* [RECORDS TO PROCESS]:
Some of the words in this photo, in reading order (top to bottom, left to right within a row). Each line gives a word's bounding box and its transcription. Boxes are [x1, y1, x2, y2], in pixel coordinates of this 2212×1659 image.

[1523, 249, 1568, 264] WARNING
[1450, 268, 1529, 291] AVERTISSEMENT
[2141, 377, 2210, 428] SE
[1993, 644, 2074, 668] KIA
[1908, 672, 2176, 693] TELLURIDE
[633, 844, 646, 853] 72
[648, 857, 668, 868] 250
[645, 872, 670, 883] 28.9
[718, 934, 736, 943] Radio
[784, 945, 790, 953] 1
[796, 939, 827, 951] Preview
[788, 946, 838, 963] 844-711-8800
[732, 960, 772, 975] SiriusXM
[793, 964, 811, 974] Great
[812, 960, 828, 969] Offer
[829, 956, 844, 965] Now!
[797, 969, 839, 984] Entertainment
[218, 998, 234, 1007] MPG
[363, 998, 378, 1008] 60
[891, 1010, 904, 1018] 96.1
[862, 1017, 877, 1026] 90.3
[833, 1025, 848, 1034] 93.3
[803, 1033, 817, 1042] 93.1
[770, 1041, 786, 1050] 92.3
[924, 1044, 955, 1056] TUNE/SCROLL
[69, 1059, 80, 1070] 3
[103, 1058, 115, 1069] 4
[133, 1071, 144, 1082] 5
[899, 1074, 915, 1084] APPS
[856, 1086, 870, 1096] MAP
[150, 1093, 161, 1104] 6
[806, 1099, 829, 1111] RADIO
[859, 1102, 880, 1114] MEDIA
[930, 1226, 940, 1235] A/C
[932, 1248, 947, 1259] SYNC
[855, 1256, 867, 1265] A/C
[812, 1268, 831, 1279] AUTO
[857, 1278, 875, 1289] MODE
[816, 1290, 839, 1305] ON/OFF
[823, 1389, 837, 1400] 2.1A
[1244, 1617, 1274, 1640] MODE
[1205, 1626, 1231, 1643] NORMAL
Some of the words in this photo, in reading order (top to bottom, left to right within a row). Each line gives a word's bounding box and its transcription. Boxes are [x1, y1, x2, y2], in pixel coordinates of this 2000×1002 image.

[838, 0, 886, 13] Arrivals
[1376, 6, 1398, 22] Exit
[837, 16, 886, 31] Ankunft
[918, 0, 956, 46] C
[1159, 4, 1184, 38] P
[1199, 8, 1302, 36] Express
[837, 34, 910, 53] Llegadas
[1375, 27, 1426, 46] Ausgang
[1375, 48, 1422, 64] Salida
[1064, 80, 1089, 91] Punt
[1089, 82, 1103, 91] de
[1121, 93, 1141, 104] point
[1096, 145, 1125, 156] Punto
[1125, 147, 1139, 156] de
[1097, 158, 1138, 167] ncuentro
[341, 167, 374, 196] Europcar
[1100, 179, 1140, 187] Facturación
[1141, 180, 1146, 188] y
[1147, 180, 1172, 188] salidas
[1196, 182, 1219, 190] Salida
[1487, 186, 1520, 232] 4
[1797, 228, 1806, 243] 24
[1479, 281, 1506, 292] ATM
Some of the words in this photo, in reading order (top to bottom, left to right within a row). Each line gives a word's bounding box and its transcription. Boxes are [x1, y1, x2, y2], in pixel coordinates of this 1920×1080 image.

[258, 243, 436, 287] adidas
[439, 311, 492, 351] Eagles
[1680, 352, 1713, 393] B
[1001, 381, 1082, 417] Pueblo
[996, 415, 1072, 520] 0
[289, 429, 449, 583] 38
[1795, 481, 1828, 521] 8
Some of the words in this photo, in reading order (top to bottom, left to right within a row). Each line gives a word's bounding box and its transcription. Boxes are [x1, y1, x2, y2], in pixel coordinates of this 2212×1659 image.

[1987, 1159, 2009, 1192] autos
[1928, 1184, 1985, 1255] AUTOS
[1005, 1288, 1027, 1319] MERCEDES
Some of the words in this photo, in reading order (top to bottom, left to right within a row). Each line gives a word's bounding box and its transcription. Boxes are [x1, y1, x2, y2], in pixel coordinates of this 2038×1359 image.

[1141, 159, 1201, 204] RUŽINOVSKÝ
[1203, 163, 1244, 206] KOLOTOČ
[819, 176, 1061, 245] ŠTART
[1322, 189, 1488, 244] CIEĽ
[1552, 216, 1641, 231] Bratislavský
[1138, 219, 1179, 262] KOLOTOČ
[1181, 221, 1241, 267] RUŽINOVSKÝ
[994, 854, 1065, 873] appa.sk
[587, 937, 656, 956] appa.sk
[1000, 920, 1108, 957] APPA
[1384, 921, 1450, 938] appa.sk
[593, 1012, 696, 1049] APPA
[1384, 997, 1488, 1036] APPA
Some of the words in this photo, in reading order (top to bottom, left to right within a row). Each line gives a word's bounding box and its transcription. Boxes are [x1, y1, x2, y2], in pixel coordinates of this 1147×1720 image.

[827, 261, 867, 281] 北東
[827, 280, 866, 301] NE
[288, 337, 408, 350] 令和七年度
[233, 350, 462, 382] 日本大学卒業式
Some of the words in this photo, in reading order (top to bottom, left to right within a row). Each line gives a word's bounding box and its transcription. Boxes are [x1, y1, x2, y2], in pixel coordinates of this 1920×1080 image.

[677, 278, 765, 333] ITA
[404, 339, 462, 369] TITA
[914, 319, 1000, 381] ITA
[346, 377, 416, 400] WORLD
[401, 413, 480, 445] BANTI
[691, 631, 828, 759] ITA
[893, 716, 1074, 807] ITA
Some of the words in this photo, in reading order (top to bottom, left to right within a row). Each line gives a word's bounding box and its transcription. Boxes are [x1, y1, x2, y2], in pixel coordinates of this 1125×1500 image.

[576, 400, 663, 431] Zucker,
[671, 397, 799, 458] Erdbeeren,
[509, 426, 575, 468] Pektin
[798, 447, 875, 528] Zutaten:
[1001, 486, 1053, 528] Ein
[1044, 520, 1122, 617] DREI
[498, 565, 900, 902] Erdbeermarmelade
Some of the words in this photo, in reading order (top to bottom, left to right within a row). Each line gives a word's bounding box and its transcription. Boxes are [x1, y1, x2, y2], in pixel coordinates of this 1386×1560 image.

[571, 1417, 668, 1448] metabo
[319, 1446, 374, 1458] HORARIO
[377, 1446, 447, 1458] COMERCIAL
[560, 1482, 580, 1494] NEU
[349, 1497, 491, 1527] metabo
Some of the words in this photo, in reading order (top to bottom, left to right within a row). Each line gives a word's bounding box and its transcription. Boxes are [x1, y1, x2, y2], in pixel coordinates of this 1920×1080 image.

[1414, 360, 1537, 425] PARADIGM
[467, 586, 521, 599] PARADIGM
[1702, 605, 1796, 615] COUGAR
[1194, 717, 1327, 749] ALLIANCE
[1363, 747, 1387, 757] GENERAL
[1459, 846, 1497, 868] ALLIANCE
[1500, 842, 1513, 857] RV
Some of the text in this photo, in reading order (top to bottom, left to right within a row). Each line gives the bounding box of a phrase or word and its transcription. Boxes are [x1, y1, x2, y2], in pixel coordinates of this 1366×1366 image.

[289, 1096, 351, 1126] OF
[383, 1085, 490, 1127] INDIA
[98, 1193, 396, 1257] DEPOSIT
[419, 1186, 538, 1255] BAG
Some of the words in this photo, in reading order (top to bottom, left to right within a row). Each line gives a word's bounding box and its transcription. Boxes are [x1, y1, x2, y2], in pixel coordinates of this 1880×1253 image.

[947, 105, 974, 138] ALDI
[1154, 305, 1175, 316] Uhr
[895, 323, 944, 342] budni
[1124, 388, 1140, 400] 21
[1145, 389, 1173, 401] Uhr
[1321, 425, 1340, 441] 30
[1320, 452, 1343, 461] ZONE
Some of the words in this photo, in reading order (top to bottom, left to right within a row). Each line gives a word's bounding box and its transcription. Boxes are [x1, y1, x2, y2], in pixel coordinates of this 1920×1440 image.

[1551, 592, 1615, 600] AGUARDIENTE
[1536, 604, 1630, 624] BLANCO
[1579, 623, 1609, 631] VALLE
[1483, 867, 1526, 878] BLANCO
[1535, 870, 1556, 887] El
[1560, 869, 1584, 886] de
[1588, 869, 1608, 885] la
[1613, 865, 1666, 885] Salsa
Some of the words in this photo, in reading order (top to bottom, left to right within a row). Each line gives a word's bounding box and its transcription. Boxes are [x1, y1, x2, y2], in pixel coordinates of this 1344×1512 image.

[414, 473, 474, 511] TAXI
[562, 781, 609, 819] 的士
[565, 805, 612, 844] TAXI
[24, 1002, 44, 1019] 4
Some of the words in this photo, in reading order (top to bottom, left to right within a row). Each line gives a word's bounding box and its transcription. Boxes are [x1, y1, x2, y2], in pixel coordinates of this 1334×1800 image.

* [WHAT THIS TASK INVOLVES]: Everything from the line with "Some of the text" through the last line of the data is to be retyped verbatim, with no other text.

* [RESPONSE TO THIS EXERCISE]:
Some of the text in this photo, in reading order (top to bottom, left to right within a row). Each line gives the bounding box of a phrase or word and its transcription. Boxes are [x1, y1, x2, y2], in pixel coordinates of this 1366×1366 image.

[289, 1096, 351, 1126] OF
[383, 1085, 490, 1127] INDIA
[98, 1193, 396, 1257] DEPOSIT
[419, 1186, 538, 1255] BAG
Some of the words in this photo, in reading order (top to bottom, left to right within a row). Each line gives a word's bounding box and its transcription. Boxes are [x1, y1, x2, y2], in pixel coordinates of this 1880×1253 image.

[947, 105, 974, 138] ALDI
[1154, 305, 1175, 316] Uhr
[895, 323, 944, 342] budni
[1124, 388, 1140, 400] 21
[1145, 389, 1173, 401] Uhr
[1321, 425, 1340, 441] 30
[1320, 452, 1343, 461] ZONE
Some of the words in this photo, in reading order (top to bottom, left to right within a row). Each line gives a word's bounding box and its transcription. Boxes are [x1, y1, x2, y2], in pixel coordinates of this 1920×1440 image.

[1551, 592, 1615, 600] AGUARDIENTE
[1536, 604, 1630, 624] BLANCO
[1579, 623, 1609, 631] VALLE
[1483, 867, 1526, 878] BLANCO
[1535, 870, 1556, 887] El
[1560, 869, 1584, 886] de
[1588, 869, 1608, 885] la
[1613, 865, 1666, 885] Salsa
Some of the words in this photo, in reading order (top to bottom, left to right within a row). Each line gives a word's bounding box and its transcription. Boxes are [x1, y1, x2, y2], in pixel coordinates of this 1344×1512 image.

[414, 473, 474, 511] TAXI
[562, 781, 609, 819] 的士
[565, 805, 612, 844] TAXI
[24, 1002, 44, 1019] 4
Some of the words in this photo, in reading order (top to bottom, left to right within a row). Each line gives a word's bounding box and its transcription. Boxes are [x1, y1, x2, y2], in pixel coordinates of this 1334×1800 image.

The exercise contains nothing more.